Vous présentez votre roman comme une rencontre entre Bob Morane et Jules Verne dans un univers contemporain. Comment cette idée s’est-elle imposée à vous ?
Elle ne s’est pas imposée pendant l’écriture, mais plus tard, quand il a fallu présenter
le livre au public. La catégorie « romans d’aventure » n’existe quasiment plus sur les
plateformes ni en librairie. Ce terme est réservé soit aux récits jeunesse, soit aux
aventures vécues. Abysses parallèles n’est ni l’un ni l’autre. J’ai donc cherché une
façon simple et évocatrice de le définir. Jules Verne pour l’univers d’Utopia, et Bob
Morane pour les aventures mouvementées de Didier d’Orville.

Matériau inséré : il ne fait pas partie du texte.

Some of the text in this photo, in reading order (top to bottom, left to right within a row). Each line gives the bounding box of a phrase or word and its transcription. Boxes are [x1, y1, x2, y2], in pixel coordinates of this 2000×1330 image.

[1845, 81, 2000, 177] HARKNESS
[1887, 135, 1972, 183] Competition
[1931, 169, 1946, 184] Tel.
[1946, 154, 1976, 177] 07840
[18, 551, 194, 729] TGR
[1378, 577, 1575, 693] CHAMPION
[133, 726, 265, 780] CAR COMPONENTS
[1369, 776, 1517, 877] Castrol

Pourquoi avoir choisi le monde de la plongée sous-marine comme toile de fond ? Avez-vous une expérience personnelle dans ce domaine ?
La plongée ne constitue que le décor de quelques chapitres, mais elle joue un rôle
important dans le démarrage du roman. Je suis un plongeur amateur, plutôt
expérimenté, et lors de ce long voyage autour du monde, j’ai beaucoup pratiqué
– avec mon propre matériel dans mes bagages. Il m’a donc semblé naturel de faire
évoluer mes personnages dans cet univers.
Le plus difficile a été de rendre cette expérience immersive pour les non-plongeurs,
sans tomber dans le jargon ni les explications trop techniques. D’après les retours, je
crois avoir trouvé le bon équilibre.
La plupart des scènes sous-marines sont d’ailleurs directement inspirées de mon
carnet de plongée.
Le roman mélange aventure, dystopie et suspense. Aviez vous cette ambition dès le départ ou est-ce venu au fil de l’écriture ?
Je crois que oui, ces trois composantes étaient présentes dès l’idée de départ. Mon
défi consistait à faire basculer une aventure classique vers un autre registre : celui de
la dystopie (ou de l’utopie), selon le point de vue.
Je vous livre une petite exclusivité : c’est le film Une Nuit en enfer, réalisé par Robert
Rodriguez sur un scénario de Quentin Tarantino, qui m’a ouvert les yeux. Il
commence comme un film de gangsters, puis vire brutalement dans l’horreur pure,
un bain de sang aux portes de l’enfer. Ce virage m’a impressionné, et je me suis dit :
pourquoi ne pas tenter un saut similaire – dans un tout autre style – en partant d’un
roman d’aventure classique pour l’orienter vers une dystopie teintée de science-
fiction ? Je rassure les lecteurs : Abysses parallèles est garanti sans mort violente !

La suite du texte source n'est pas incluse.